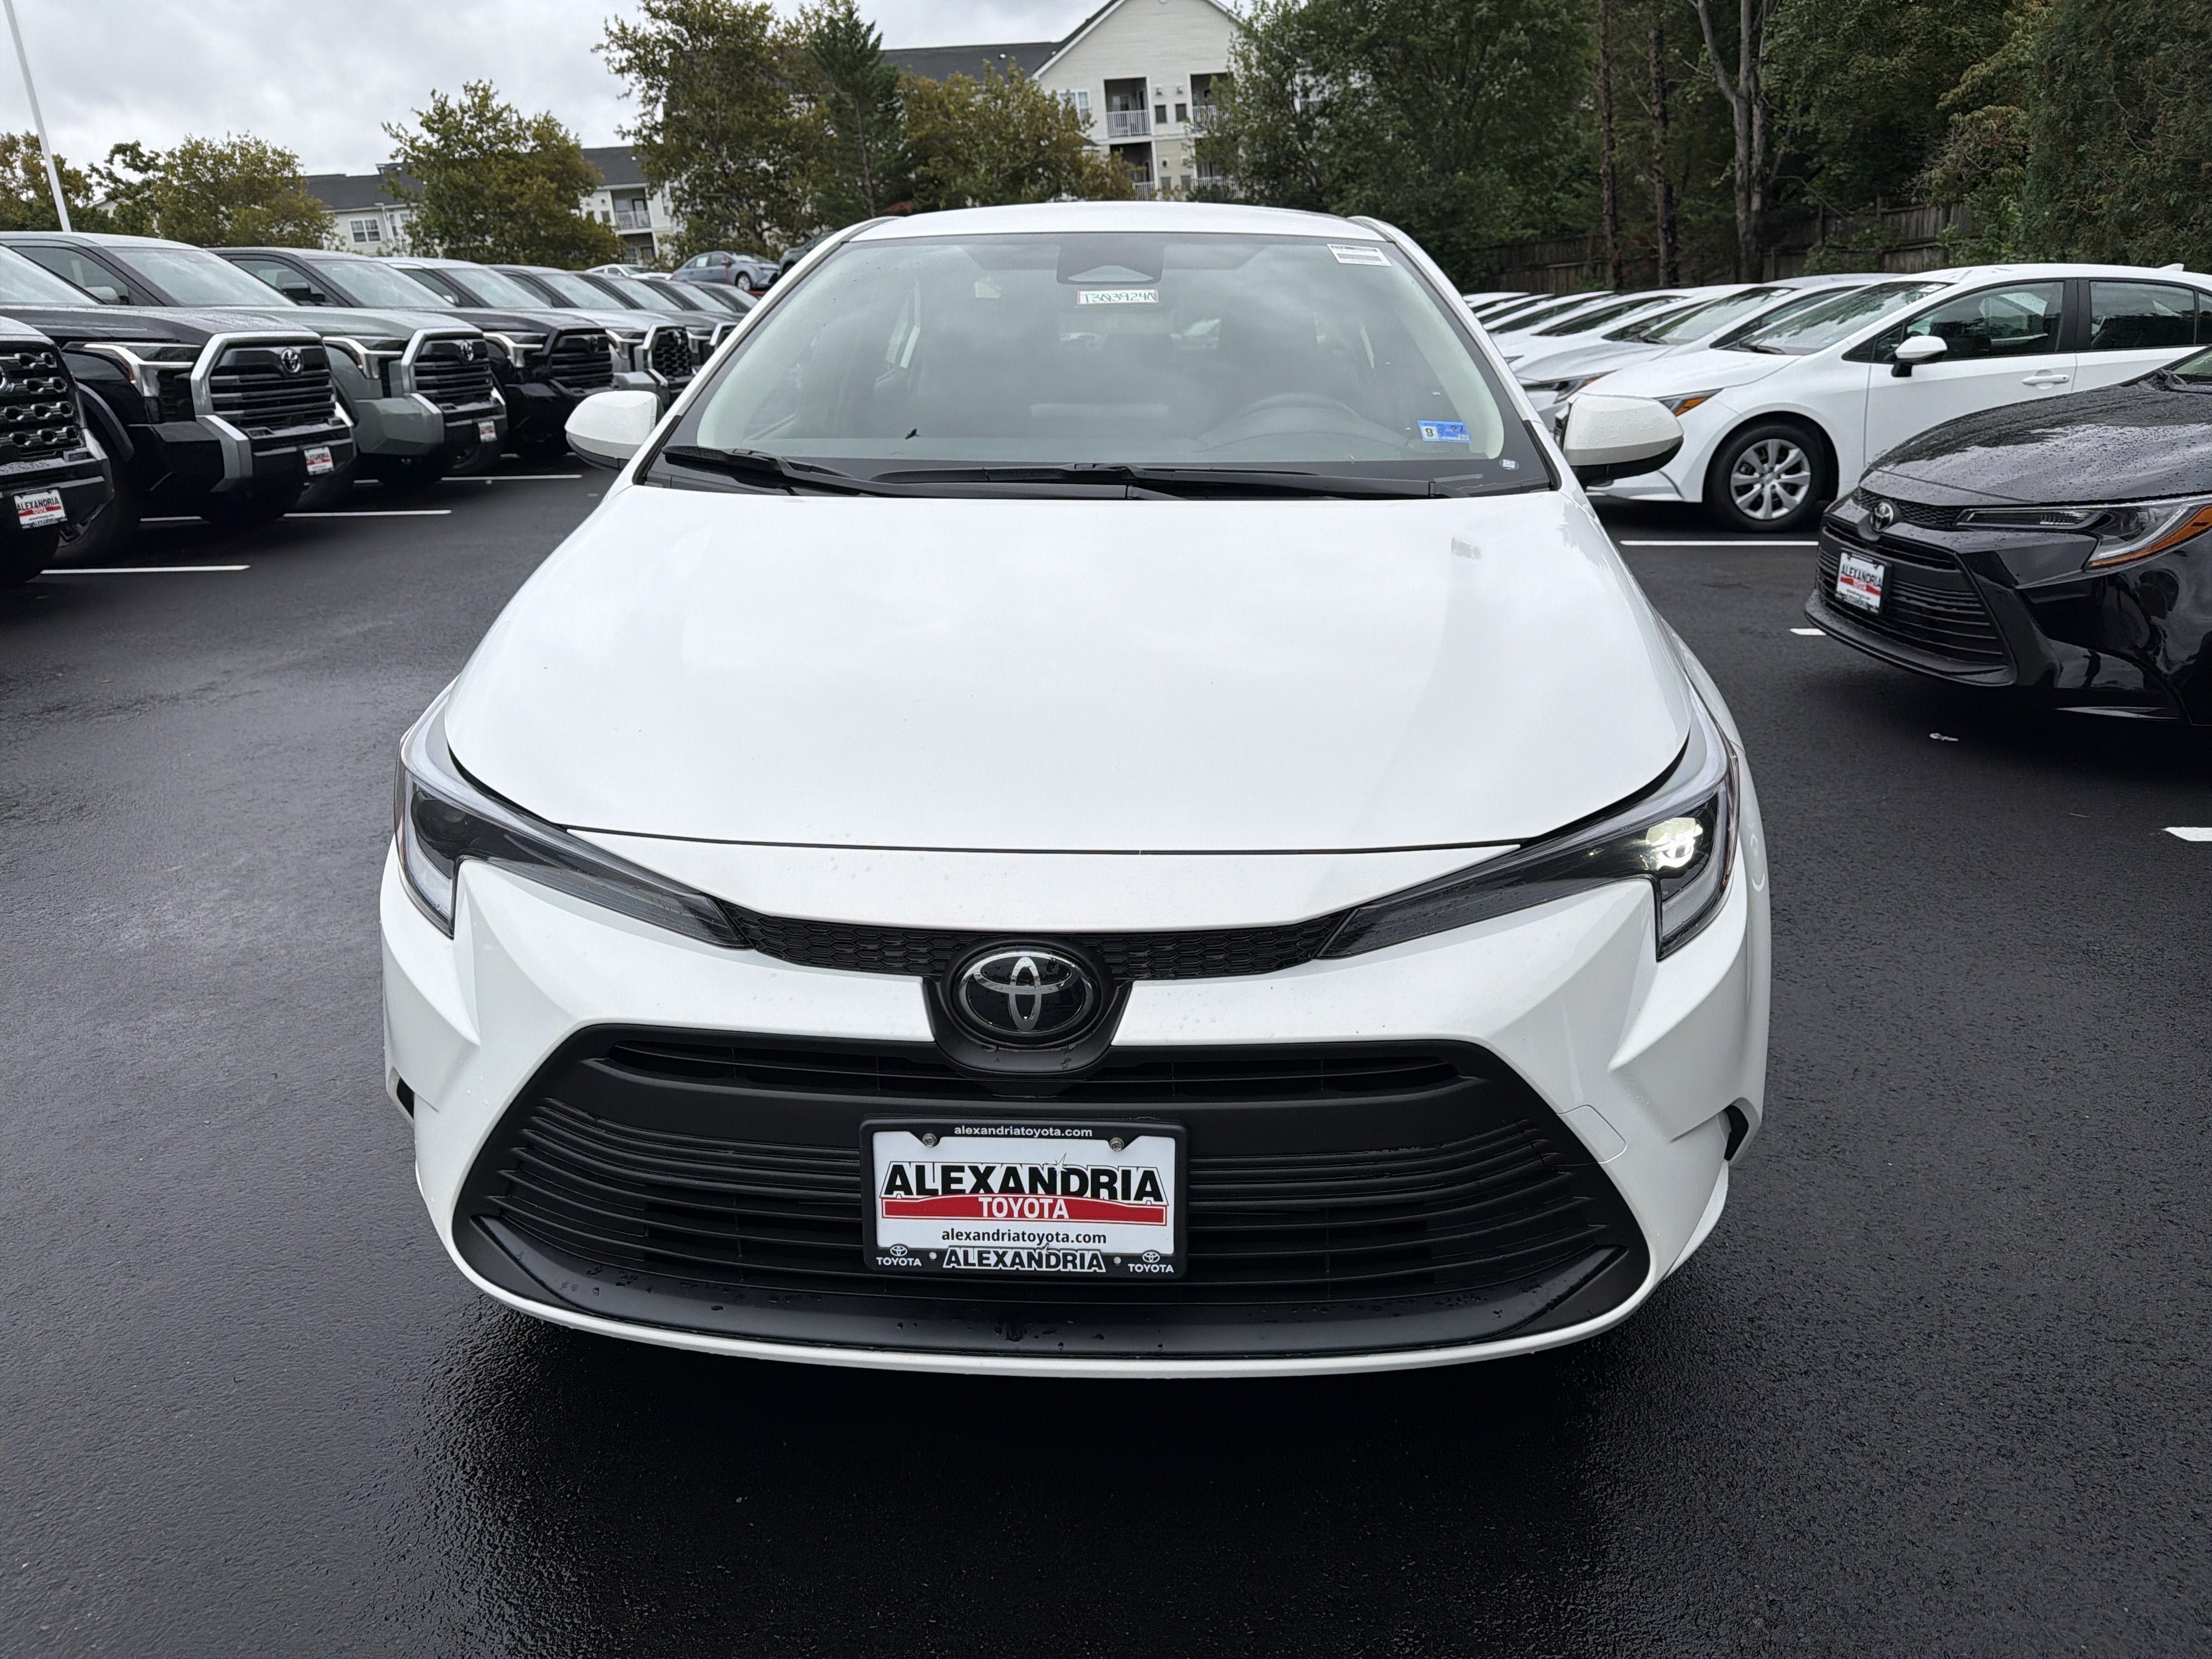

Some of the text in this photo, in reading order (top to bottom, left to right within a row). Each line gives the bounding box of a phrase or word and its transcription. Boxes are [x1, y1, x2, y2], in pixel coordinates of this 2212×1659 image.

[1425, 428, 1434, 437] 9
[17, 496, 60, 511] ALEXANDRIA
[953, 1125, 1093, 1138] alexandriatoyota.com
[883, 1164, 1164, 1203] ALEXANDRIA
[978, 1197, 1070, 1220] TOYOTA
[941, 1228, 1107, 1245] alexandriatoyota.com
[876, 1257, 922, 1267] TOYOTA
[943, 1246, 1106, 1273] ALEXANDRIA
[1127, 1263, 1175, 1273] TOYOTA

^^^^^^^^

* _REQUIRED WORK_
Each entry must be reproduced word for word, and any image among them left out.

* _RESULT_
Some of the text in this photo, in reading order (top to bottom, left to right within a row). Each line gives the bounding box of a phrase or word and its transcription. Boxes are [x1, y1, x2, y2], in pixel coordinates of this 2212×1659 image.

[1425, 428, 1434, 437] 9
[17, 496, 60, 511] ALEXANDRIA
[953, 1125, 1093, 1138] alexandriatoyota.com
[883, 1164, 1164, 1203] ALEXANDRIA
[978, 1197, 1070, 1220] TOYOTA
[941, 1228, 1107, 1245] alexandriatoyota.com
[876, 1257, 922, 1267] TOYOTA
[943, 1246, 1106, 1273] ALEXANDRIA
[1127, 1263, 1175, 1273] TOYOTA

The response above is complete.